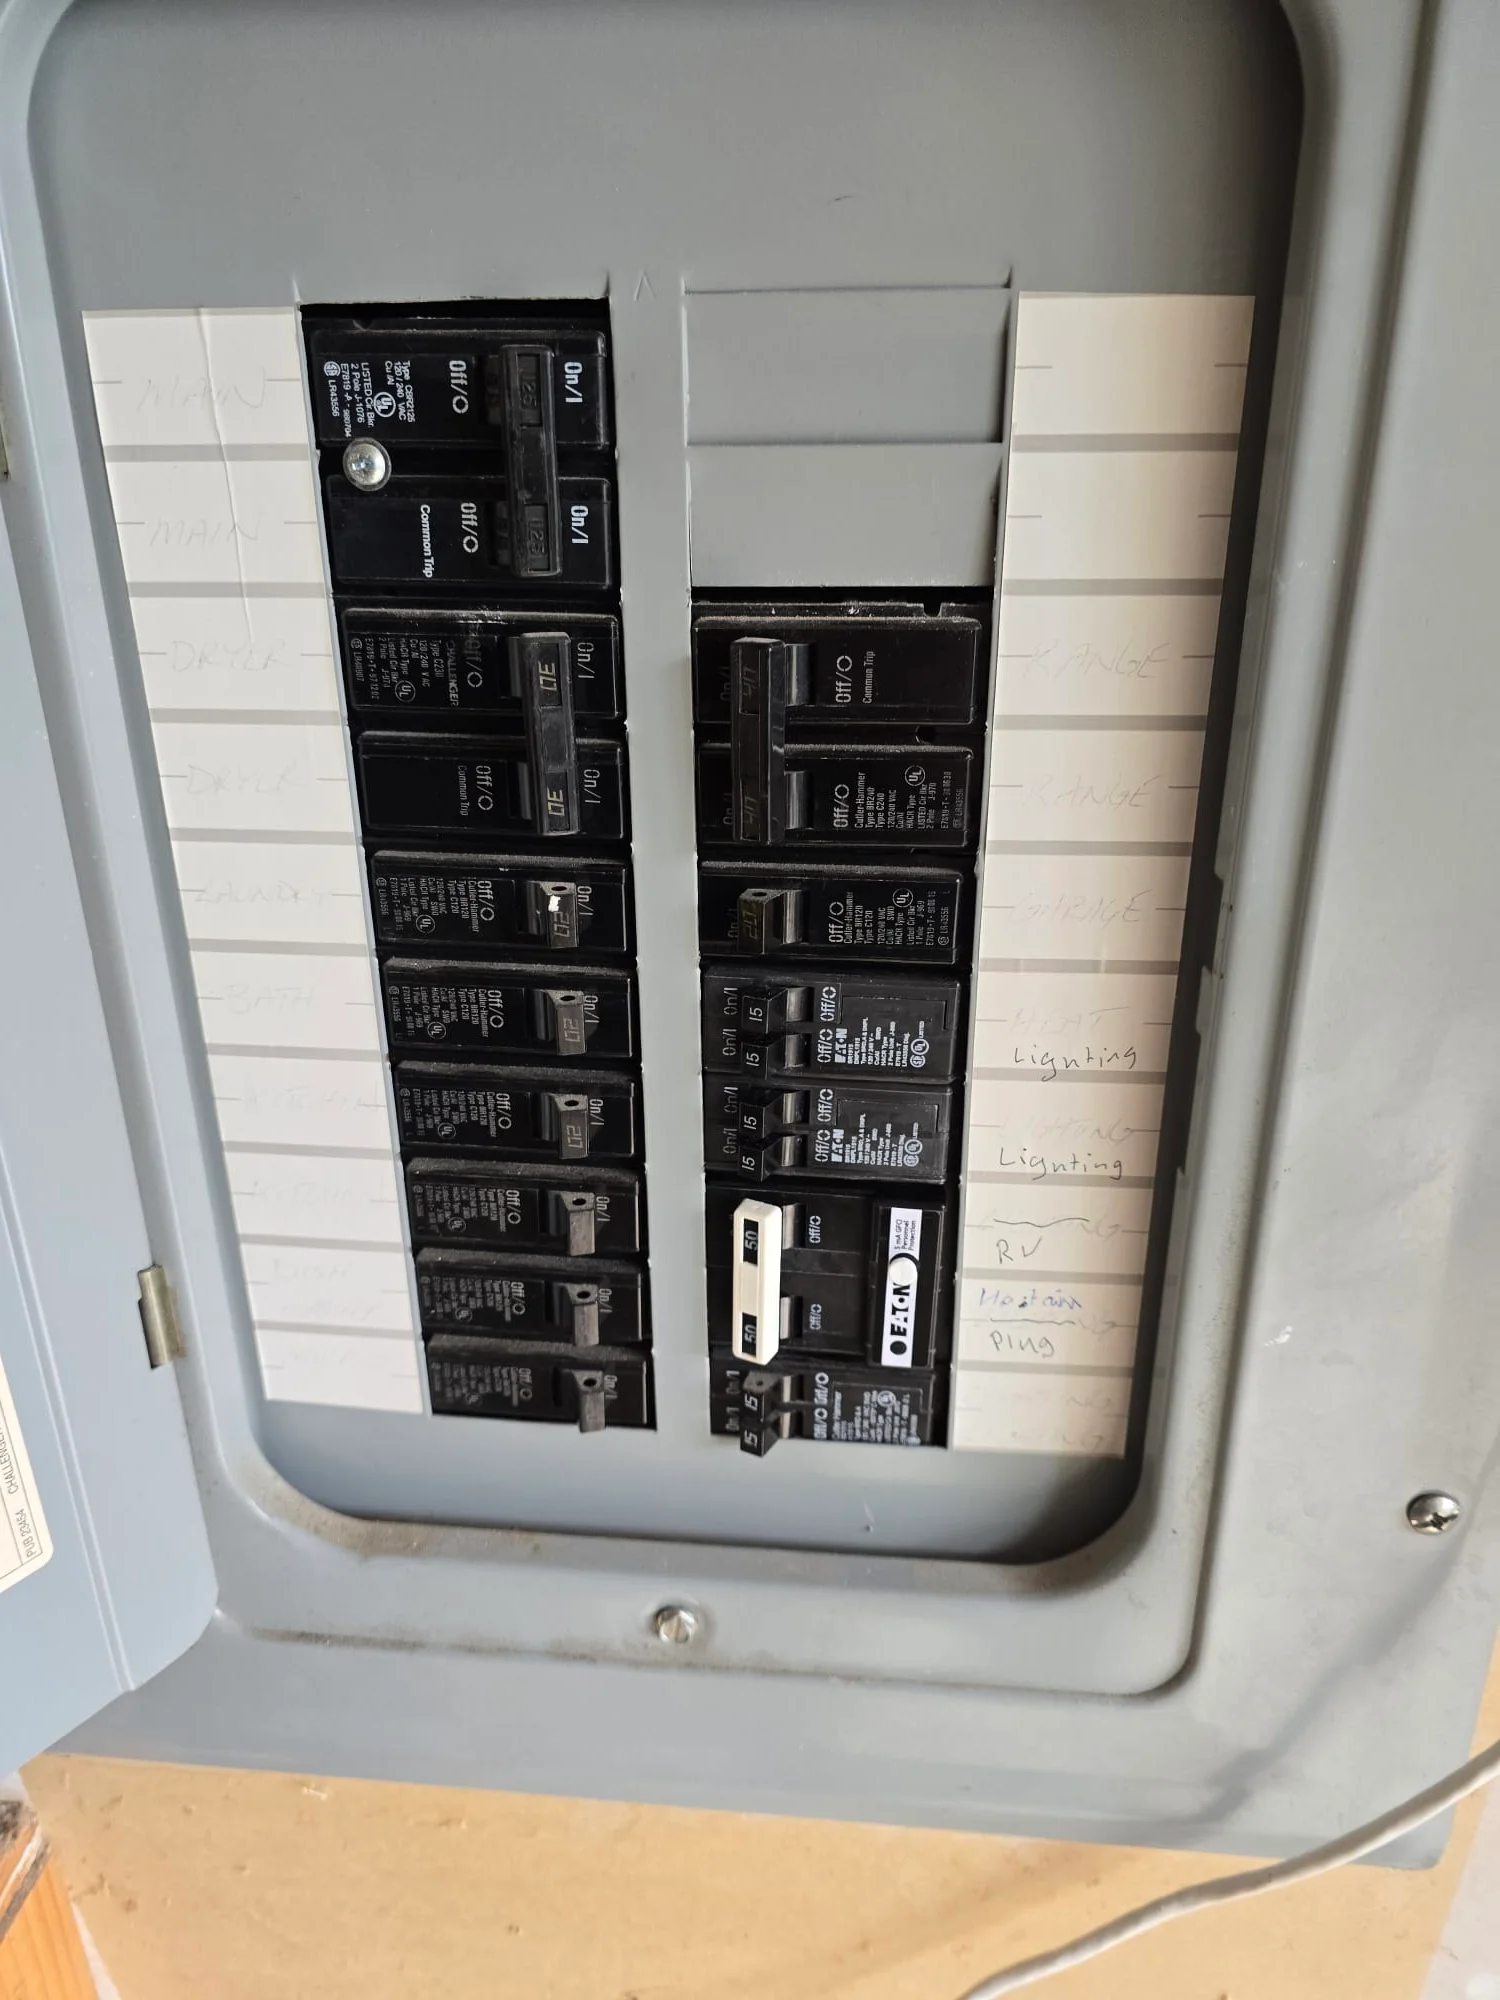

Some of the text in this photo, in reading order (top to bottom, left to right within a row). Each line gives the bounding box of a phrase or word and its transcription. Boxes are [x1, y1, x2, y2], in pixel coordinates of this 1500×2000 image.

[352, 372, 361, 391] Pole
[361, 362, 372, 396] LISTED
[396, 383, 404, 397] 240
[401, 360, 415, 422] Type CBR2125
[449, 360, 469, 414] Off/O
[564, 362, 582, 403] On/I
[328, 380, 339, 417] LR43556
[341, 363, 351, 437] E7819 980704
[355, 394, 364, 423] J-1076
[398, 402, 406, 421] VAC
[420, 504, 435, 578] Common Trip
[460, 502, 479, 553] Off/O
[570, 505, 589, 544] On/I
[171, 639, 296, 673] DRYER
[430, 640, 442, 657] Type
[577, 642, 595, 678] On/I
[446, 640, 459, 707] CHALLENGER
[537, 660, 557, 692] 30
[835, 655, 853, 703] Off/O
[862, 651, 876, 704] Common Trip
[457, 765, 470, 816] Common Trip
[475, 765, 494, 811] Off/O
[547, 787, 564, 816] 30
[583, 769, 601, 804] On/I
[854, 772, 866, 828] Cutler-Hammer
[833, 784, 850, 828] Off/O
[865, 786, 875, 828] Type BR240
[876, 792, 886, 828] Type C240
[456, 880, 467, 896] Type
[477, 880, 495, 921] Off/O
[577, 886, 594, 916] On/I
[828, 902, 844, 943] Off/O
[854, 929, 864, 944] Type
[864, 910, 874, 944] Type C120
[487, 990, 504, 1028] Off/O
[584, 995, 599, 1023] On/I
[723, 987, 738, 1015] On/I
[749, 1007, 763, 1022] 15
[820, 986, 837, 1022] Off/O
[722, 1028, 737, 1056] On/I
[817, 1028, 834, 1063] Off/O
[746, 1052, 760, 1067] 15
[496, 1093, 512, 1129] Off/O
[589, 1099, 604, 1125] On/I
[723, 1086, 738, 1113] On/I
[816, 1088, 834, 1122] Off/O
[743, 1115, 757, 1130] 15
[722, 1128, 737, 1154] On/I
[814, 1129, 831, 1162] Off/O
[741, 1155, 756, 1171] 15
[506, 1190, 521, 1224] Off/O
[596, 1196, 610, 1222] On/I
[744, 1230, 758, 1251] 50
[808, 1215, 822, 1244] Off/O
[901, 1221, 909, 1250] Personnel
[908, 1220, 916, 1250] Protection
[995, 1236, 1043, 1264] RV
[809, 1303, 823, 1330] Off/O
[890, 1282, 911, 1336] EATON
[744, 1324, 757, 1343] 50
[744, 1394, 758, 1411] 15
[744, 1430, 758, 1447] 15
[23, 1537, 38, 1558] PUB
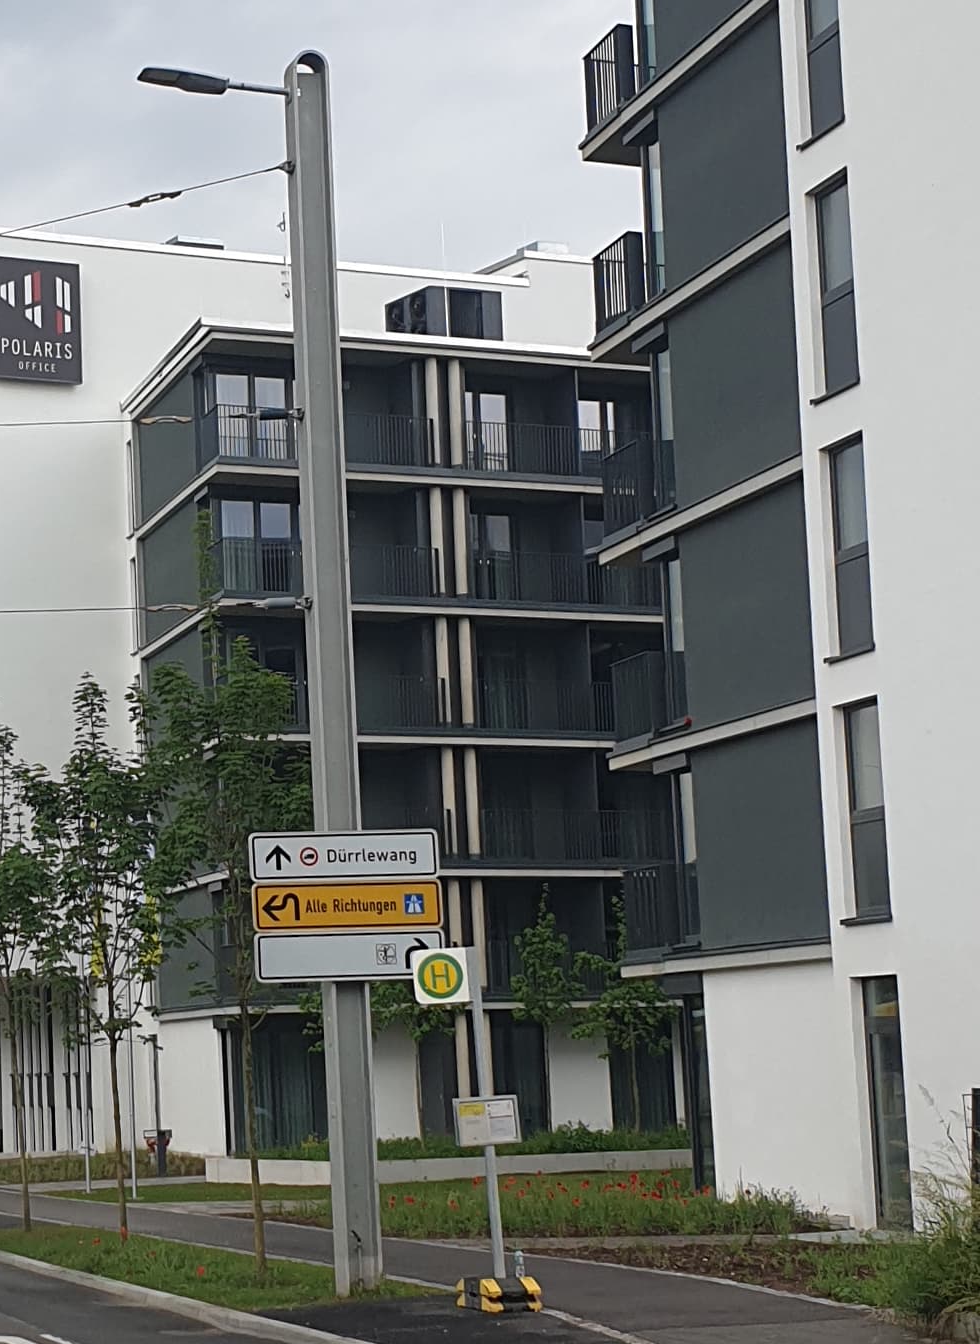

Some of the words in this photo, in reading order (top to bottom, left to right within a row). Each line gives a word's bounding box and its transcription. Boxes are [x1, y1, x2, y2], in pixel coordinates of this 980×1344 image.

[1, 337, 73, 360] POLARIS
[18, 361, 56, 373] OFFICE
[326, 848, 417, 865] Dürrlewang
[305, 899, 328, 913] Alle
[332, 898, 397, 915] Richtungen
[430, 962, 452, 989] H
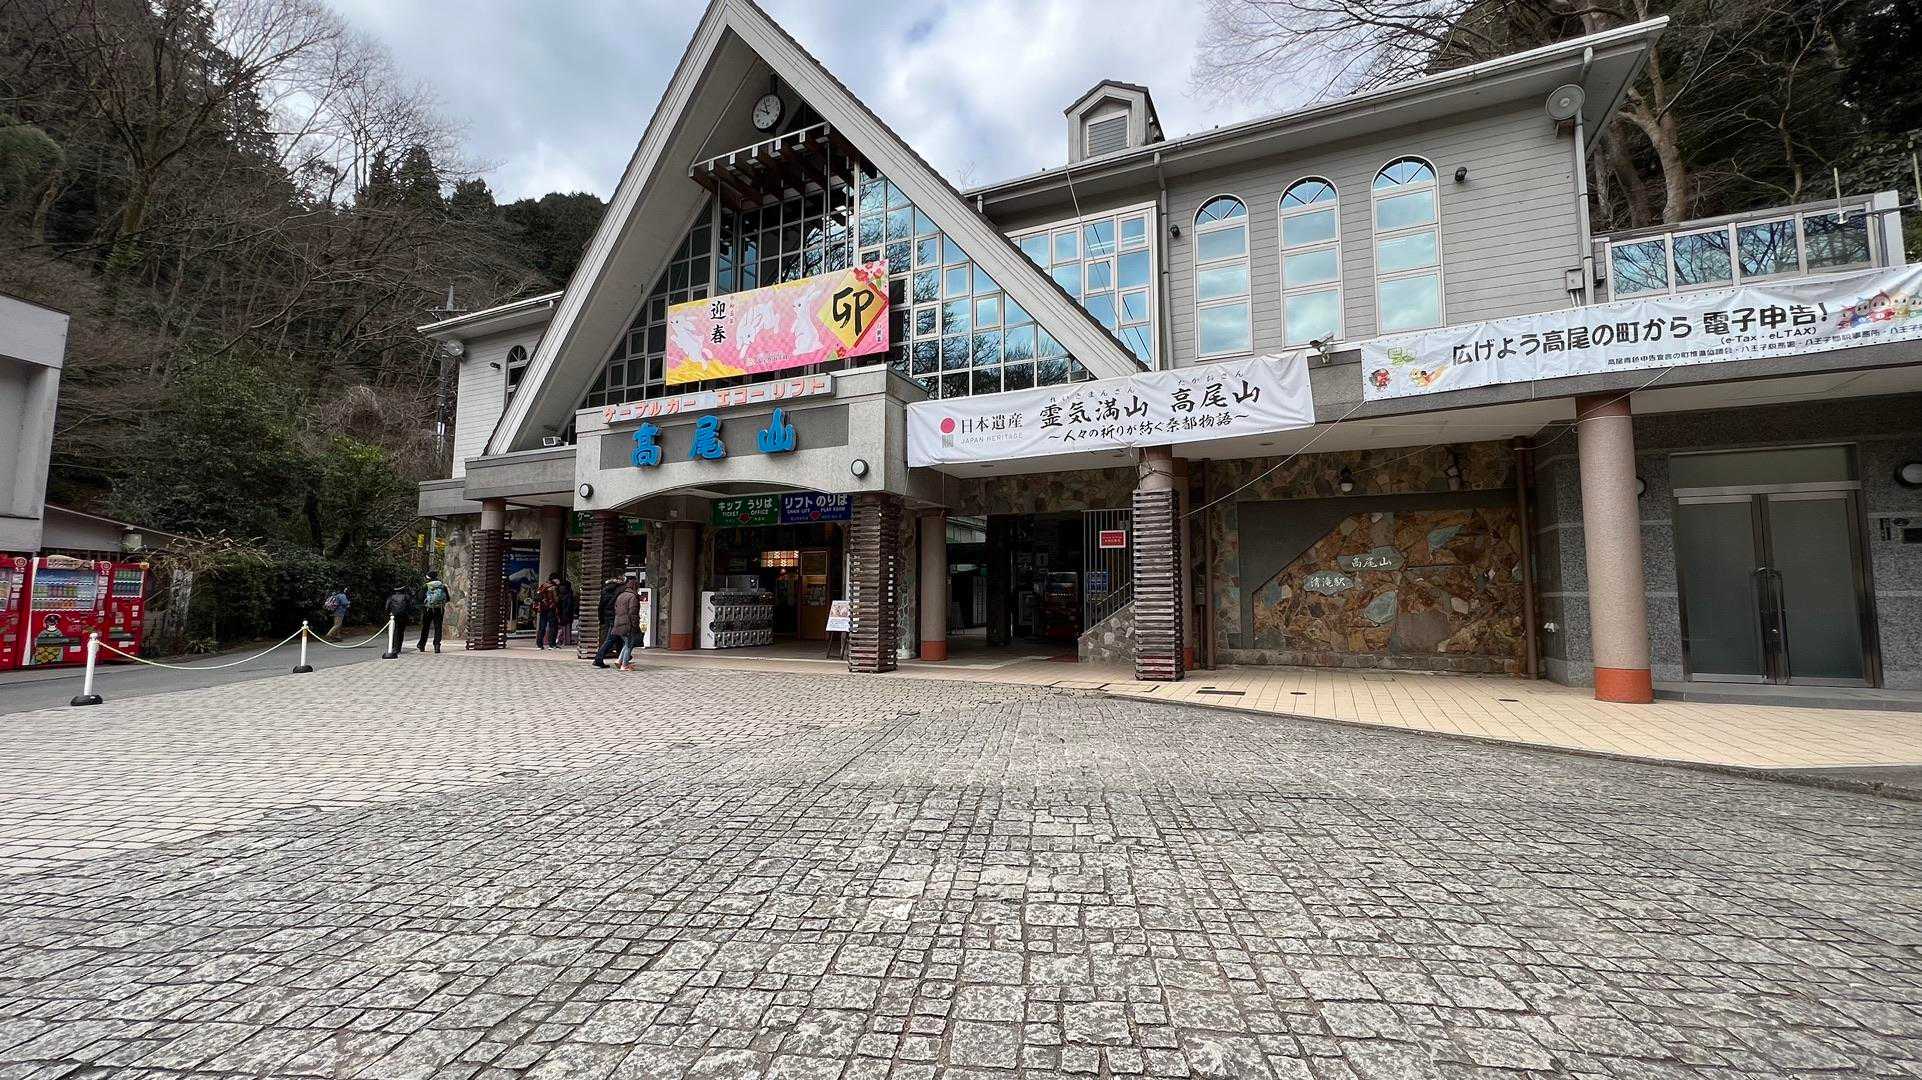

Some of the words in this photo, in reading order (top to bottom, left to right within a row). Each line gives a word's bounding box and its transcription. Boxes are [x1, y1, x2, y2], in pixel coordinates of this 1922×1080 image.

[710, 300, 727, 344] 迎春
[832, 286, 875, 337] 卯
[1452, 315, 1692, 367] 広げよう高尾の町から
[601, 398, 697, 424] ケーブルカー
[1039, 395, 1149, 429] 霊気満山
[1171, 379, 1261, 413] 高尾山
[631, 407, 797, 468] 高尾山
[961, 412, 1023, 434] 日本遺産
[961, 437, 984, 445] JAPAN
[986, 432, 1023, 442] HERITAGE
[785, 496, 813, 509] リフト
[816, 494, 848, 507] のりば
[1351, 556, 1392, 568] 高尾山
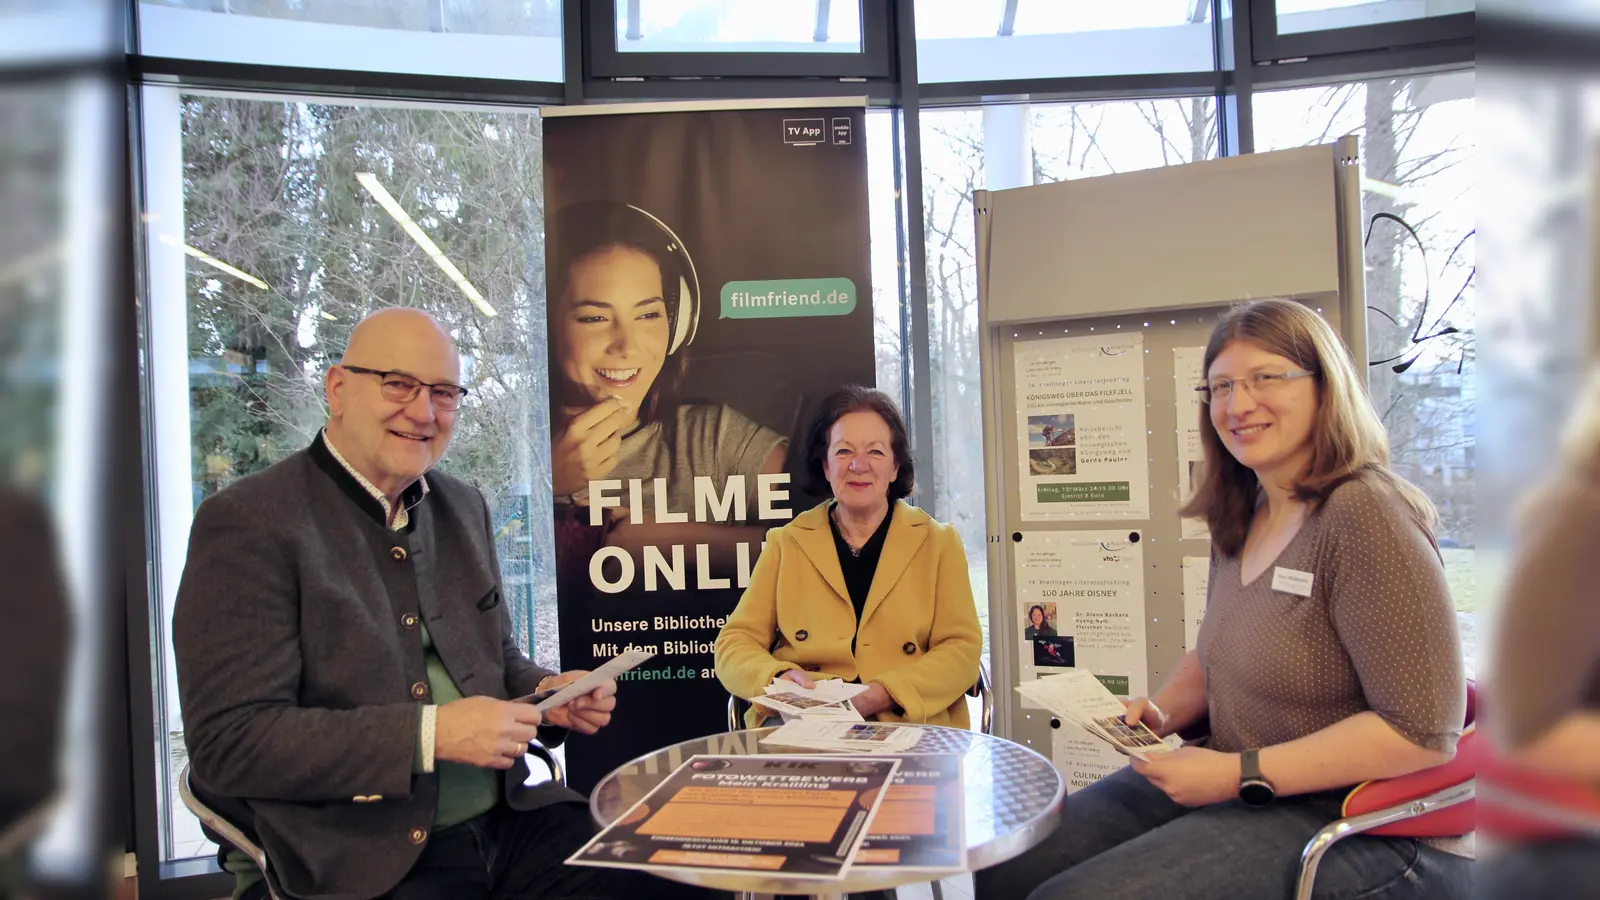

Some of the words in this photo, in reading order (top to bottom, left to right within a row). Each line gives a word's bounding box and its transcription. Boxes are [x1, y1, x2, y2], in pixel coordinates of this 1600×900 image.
·····
▶ What the task requires
Pictures aside, reproduce every record exactly as it stands.

▶ Answer space
Some of the text in this photo, in reading order (top to bottom, left to right within a row). Each line gives the bounding box of a phrase or word and its transcription. Boxes are [x1, y1, x2, y2], in pixel coordinates of this 1500×2000 image.

[352, 372, 361, 391] Pole
[361, 362, 372, 396] LISTED
[396, 383, 404, 397] 240
[401, 360, 415, 422] Type CBR2125
[449, 360, 469, 414] Off/O
[564, 362, 582, 403] On/I
[328, 380, 339, 417] LR43556
[341, 363, 351, 437] E7819 980704
[355, 394, 364, 423] J-1076
[398, 402, 406, 421] VAC
[420, 504, 435, 578] Common Trip
[460, 502, 479, 553] Off/O
[570, 505, 589, 544] On/I
[171, 639, 296, 673] DRYER
[430, 640, 442, 657] Type
[577, 642, 595, 678] On/I
[446, 640, 459, 707] CHALLENGER
[537, 660, 557, 692] 30
[835, 655, 853, 703] Off/O
[862, 651, 876, 704] Common Trip
[457, 765, 470, 816] Common Trip
[475, 765, 494, 811] Off/O
[547, 787, 564, 816] 30
[583, 769, 601, 804] On/I
[854, 772, 866, 828] Cutler-Hammer
[833, 784, 850, 828] Off/O
[865, 786, 875, 828] Type BR240
[876, 792, 886, 828] Type C240
[456, 880, 467, 896] Type
[477, 880, 495, 921] Off/O
[577, 886, 594, 916] On/I
[828, 902, 844, 943] Off/O
[854, 929, 864, 944] Type
[864, 910, 874, 944] Type C120
[487, 990, 504, 1028] Off/O
[584, 995, 599, 1023] On/I
[723, 987, 738, 1015] On/I
[749, 1007, 763, 1022] 15
[820, 986, 837, 1022] Off/O
[722, 1028, 737, 1056] On/I
[817, 1028, 834, 1063] Off/O
[746, 1052, 760, 1067] 15
[496, 1093, 512, 1129] Off/O
[589, 1099, 604, 1125] On/I
[723, 1086, 738, 1113] On/I
[816, 1088, 834, 1122] Off/O
[743, 1115, 757, 1130] 15
[722, 1128, 737, 1154] On/I
[814, 1129, 831, 1162] Off/O
[741, 1155, 756, 1171] 15
[506, 1190, 521, 1224] Off/O
[596, 1196, 610, 1222] On/I
[744, 1230, 758, 1251] 50
[808, 1215, 822, 1244] Off/O
[901, 1221, 909, 1250] Personnel
[908, 1220, 916, 1250] Protection
[995, 1236, 1043, 1264] RV
[809, 1303, 823, 1330] Off/O
[890, 1282, 911, 1336] EATON
[744, 1324, 757, 1343] 50
[744, 1394, 758, 1411] 15
[744, 1430, 758, 1447] 15
[23, 1537, 38, 1558] PUB

Some of the words in this photo, in reading order (top to bottom, left to right within a row). Each line gives a word's bounding box and its transcription. Boxes are [x1, y1, x2, y2], in pixel coordinates of this 980×1344 image.

[1, 337, 73, 360] POLARIS
[18, 361, 56, 373] OFFICE
[326, 848, 417, 865] Dürrlewang
[305, 899, 328, 913] Alle
[332, 898, 397, 915] Richtungen
[430, 962, 452, 989] H

Some of the words in this photo, in reading order (top to bottom, left to right within a row). Each line gives a word's bounding box and its transcription. Boxes are [x1, y1, x2, y2], in pixel coordinates of this 1922×1080 image.

[710, 300, 727, 344] 迎春
[832, 286, 875, 337] 卯
[1452, 315, 1692, 367] 広げよう高尾の町から
[601, 398, 697, 424] ケーブルカー
[1039, 395, 1149, 429] 霊気満山
[1171, 379, 1261, 413] 高尾山
[631, 407, 797, 468] 高尾山
[961, 412, 1023, 434] 日本遺産
[961, 437, 984, 445] JAPAN
[986, 432, 1023, 442] HERITAGE
[785, 496, 813, 509] リフト
[816, 494, 848, 507] のりば
[1351, 556, 1392, 568] 高尾山

Some of the words in this photo, in reading order (top to bottom, left to right within a row). Each line gives a word's bounding box and its transcription. Boxes are [x1, y1, x2, y2], in pixel coordinates of this 1600×900 image.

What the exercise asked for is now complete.